Members of the Caudwell Xtreme Everest expedition, testing human adaptation to hypoxia on the roof of the world, write a diary blog for Nature from 30 March, 2007.
The South Col (Camp 4), at 7950m above sea level, is the most inhospitable place I have ever been to.
It lies as a saddle between the peaks of Lhotse and Everest. Wind funnels through this gap in the mountains continuously, scouring snow from the ground and projecting it horizontally at high speed. A number of tents are normally to be found huddled together at the bottom of the route which leads up to the summit of Everest.
Traditionally climbers arrive at the South Col, from camp 3, in the early afternoon. They rest and brew up drinks until early evening when they leave for the summit. On their return the camp is dismantled and the climbers descend as rapidly as possible. The aim is to spend as little time as possible on this litter strewn wasteland. Our aim was to set up a physiology laboratory on the Col, and spend a number of days trying to study as many of our investigators as possible.
Once the Sherpas had erected a suitably sized tent on the Col we set about trying to construct the world’s highest laboratory. The first hurdle was a reliable source of electricity from which to run the various pieces of equipment we intended to use. A bank of 12 volt batteries fed by solar panels mounted on the outside of the tent was the answer to this. Despite the howling gales one useful natural phenomenon at the South Col is sunlight; glaring rays beam down from dawn until sunset.
Then we needed to build the exercise bicycle which forms a vital component of the cardiopulmonary exercise (CPX) testing system. The bike had to be brought to the South Col in small pieces as the whole bike would be far too heavy and cumbersome for any Sherpa to carry up the steep Lhotse Face. Wearing oxygen masks and following simple instructions with plenty of photos we slowly pieced together the bicycle without damaging any of its delicate internal components.
Next the breath-by-breath analysis system needed to be calibrated to the thin cold air which is to be found 8000m. The missing link that co-ordinates the bicycle and the breath analysis system is a laptop computer. For those of you who have attempted research at altitude you will know that computer hard drives begin to fail after about 4500m. To get around this we had to make special hard drives from the memory cards more commonly found in cameras. To our amazement the laptops worked at this extreme altitude; the highest a computer has ever been successfully used on Earth, as far as we know!

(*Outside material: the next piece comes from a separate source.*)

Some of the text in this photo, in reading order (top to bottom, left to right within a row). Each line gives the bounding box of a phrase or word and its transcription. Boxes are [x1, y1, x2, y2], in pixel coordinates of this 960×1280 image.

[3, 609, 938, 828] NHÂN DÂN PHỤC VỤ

Numerous other pieces of research equipment were unpacked and warmed up ready for the subjects to be investigated.
After multiple glitches we eventually managed to perform the highest CPX tests ever. Subjects cycled to exhaustion whilst we measured systemic oxygen consumption. Needless to say, the maximum work load achievable by subjects was considerably less than they achieved at lower altitudes. Other tests included transcranial Doppler measurement of middle cerebral artery blood velocity (blood flow speed to the brain), near infra-red spectroscopy to assess brain oxygenation, neurocognitive assessments (higher brain function), sidestream-darkfield imaging of the sublingual microcirculation (blood flow under the tongue) and spirometry (lung function measurements). Considering the appalling conditions outside the tent we managed to complete a fairly extensive series of experiments in the limited time we could stay at the Col .

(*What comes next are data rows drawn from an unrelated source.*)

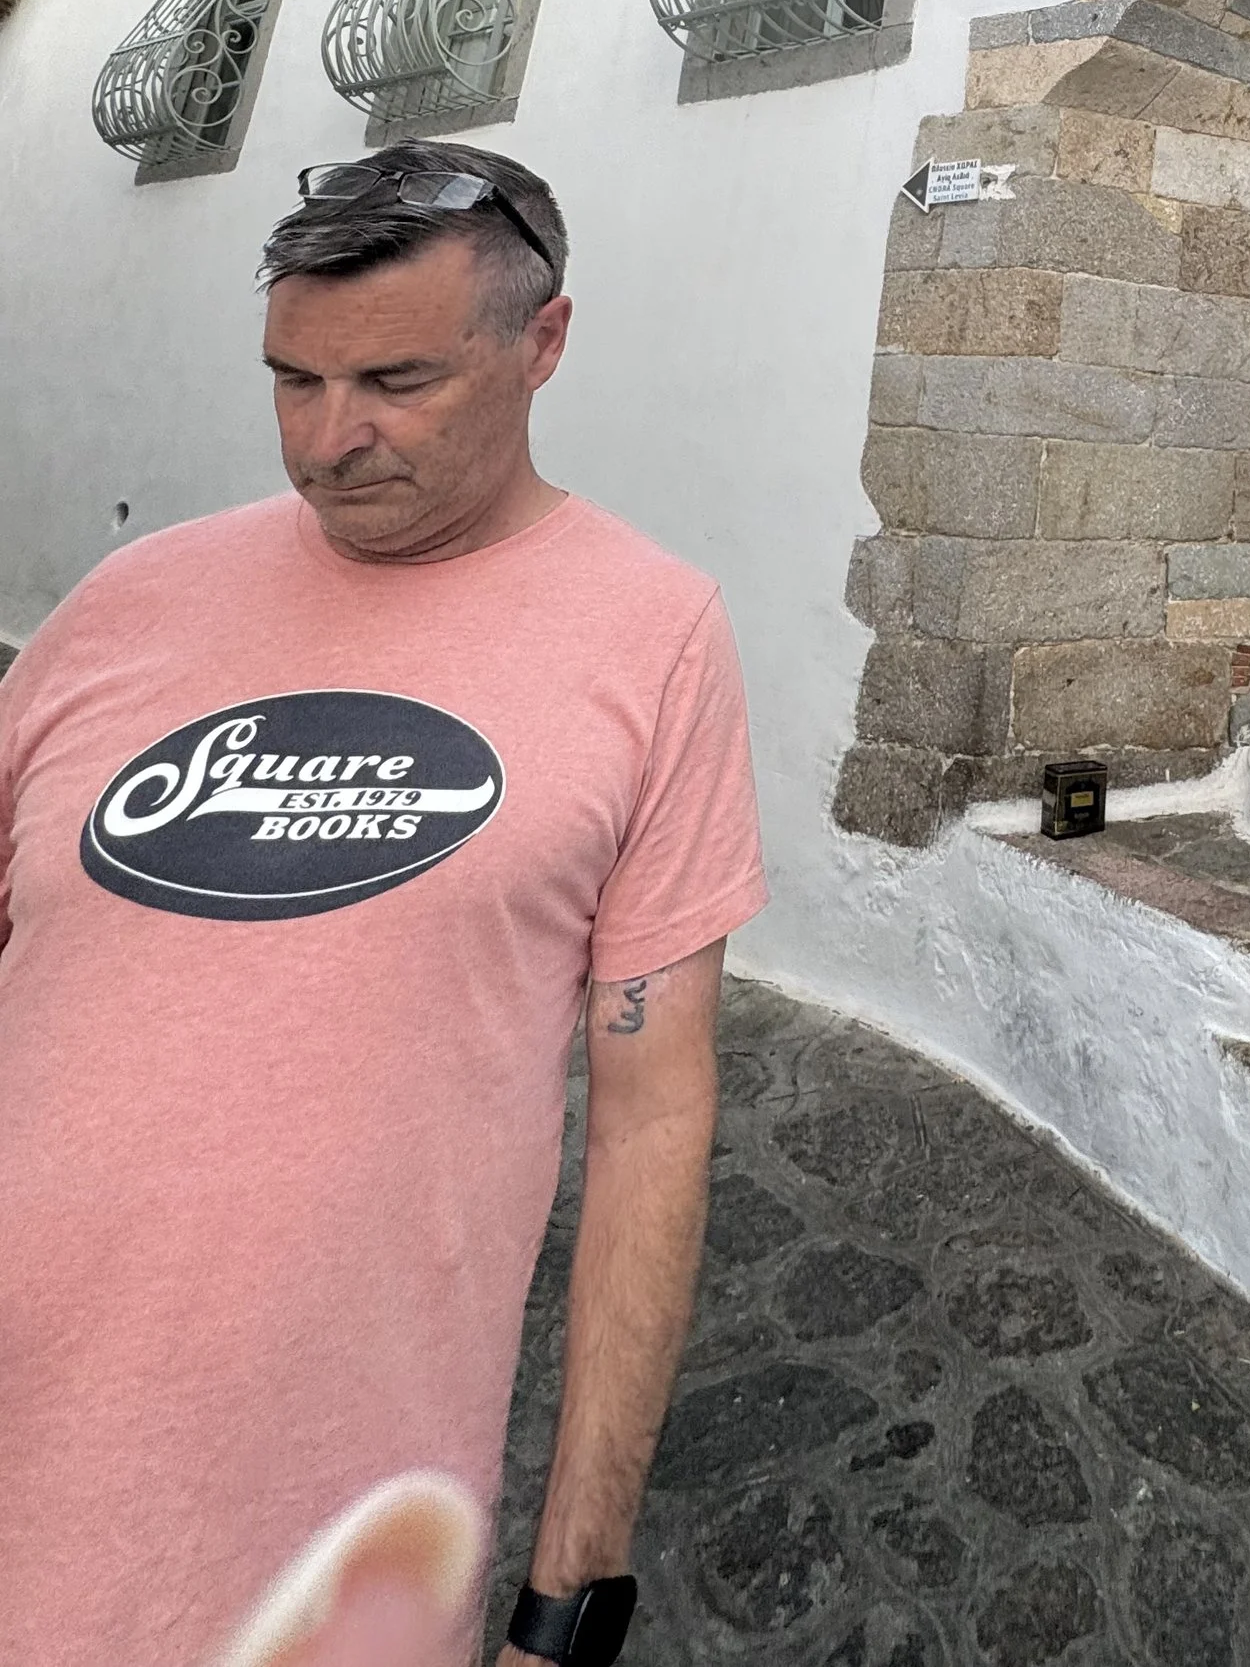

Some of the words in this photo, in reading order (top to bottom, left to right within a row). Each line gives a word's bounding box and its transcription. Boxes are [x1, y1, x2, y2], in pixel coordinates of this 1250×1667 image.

[957, 161, 977, 169] ΧΩΡΑΣ
[928, 185, 951, 193] CHORA
[104, 715, 415, 836] Square
[279, 791, 341, 810] EST.
[352, 789, 422, 808] 1979
[251, 814, 423, 841] BOOKS

There remained one more experiment to perform, an arterial blood gas sample from the summit of Everest. We left the South Col at around nine thirty on the night of the 22nd May and began the long, cold, slow climb up towards the summit. We climbed through the night and as the sun began to rise we came face to face with the famous Hilary Step. Having conquered this final hurdle we arrived at the summit of Mount Everest (8848m) at around six thirty in the morning of the 23rd May.
It was cold and windy but worth every step of the arduous journey we had taken to get there. We decided that taking an arterial blood sample on the summit itself was too dangerous and that attempting to erect our light weight shelter would no doubt end in disaster. After about forty minutes on the summit we descended as far as ‘The Balcony’ (8475m) where conditions were more suitable for taking blood.

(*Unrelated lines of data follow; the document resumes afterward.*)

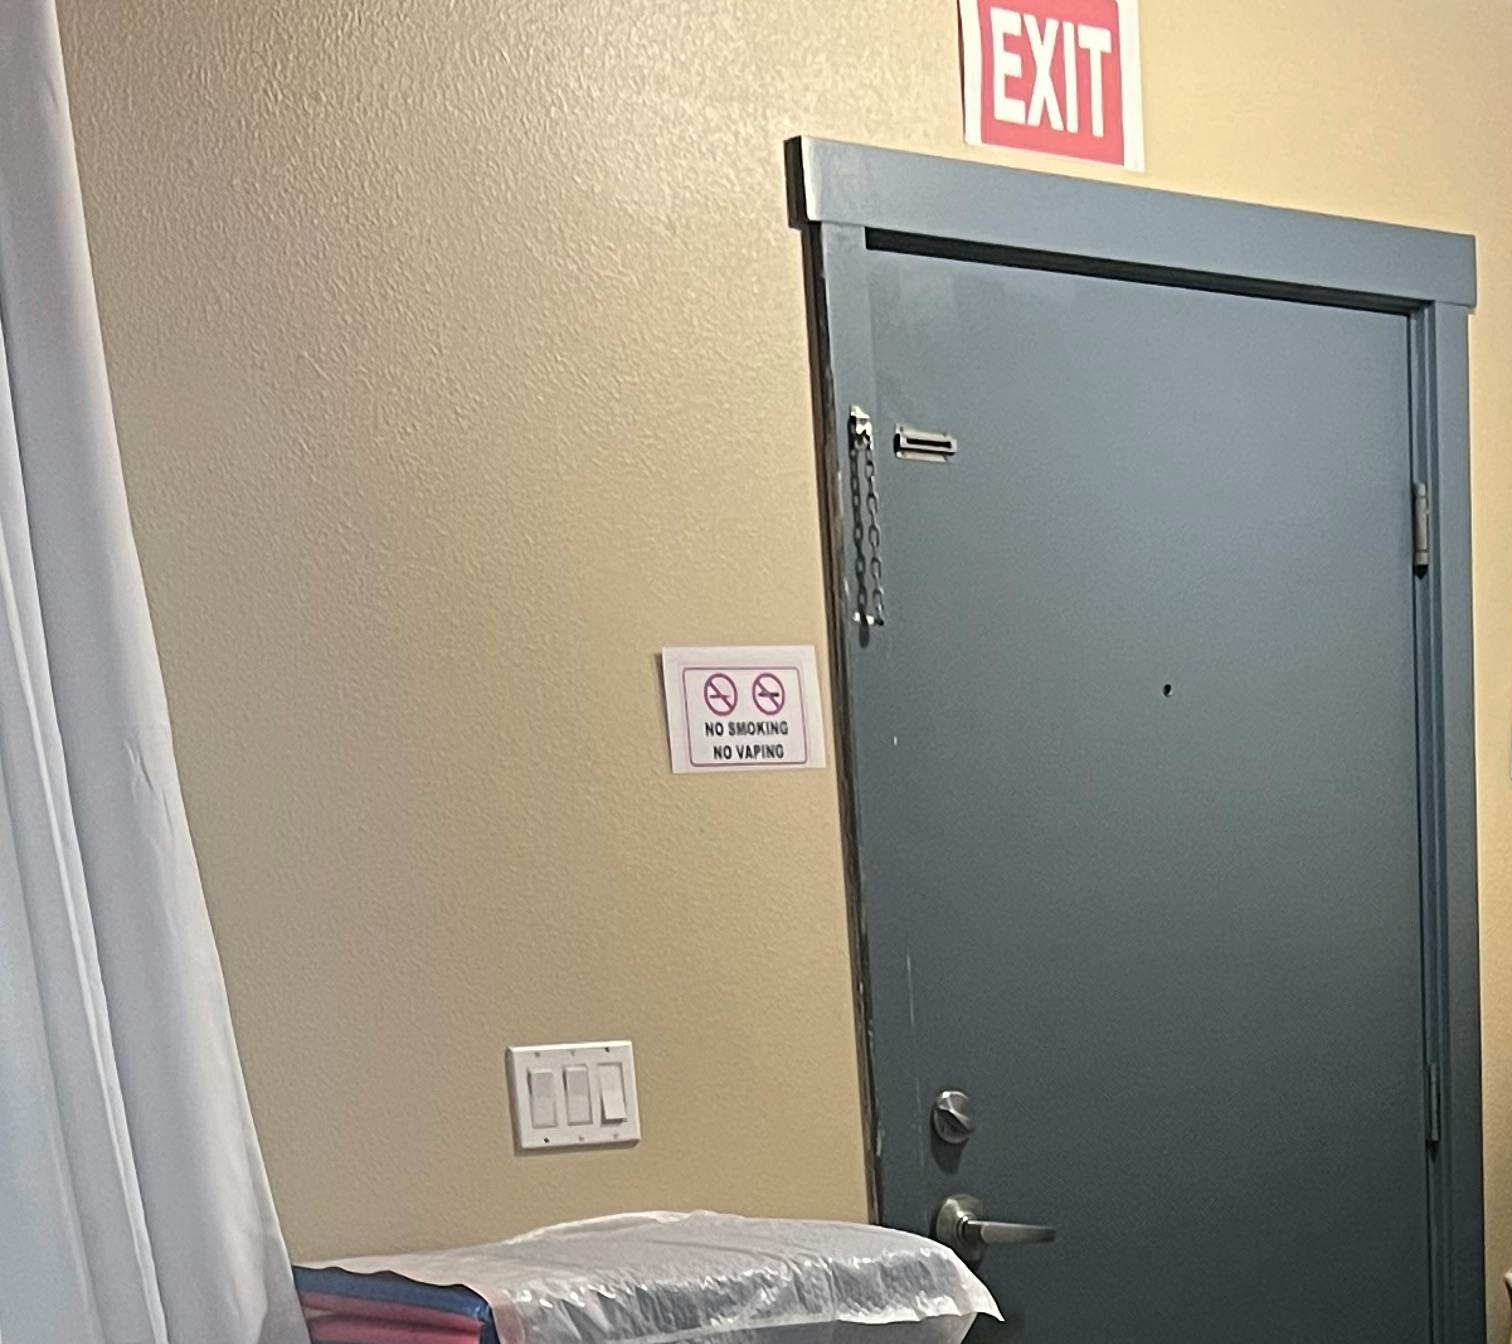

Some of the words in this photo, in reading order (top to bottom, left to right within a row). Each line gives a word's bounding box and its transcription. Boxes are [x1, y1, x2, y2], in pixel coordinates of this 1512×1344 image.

[990, 6, 1113, 139] EXIT
[704, 721, 724, 736] NO
[728, 720, 788, 736] SMOKING
[713, 745, 731, 760] NO
[735, 744, 784, 759] VAPING

Within the shelter of our simple tent we were able to remove our big mittens and expose the femoral artery of each subject in order to take a small sample of blood. Taking arterial blood at such an altitude is no easy task and we were glad of the practice we’d had on other large mountains. The samples were carried by one of our nimblest Sherpas (Pasang Tenzing Sherpa) to the Camp 2 laboratory some 2000m below in a staggering two hours.
Successful analysis in the blood gas machine at Camp 2 revealed shockingly low levels of oxygen in the blood of the climbers studied. These results are the highest arterial blood gases ever obtained and go a long way to show just how adaptable the human body can be to extreme hypoxia.
So there ended our endeavours to explore the physiology of the human body when pushed to extremes. We safely descended the mountain and returned to base camp a number of days later. By that time nearly all 200 of the trekkers had passed through the laboratories and completed their testing. All that remains now is for the investigators to test one another for one last time at base camp before trekking back to Lukla for the somewhat hair-raising flight to Kathmandu.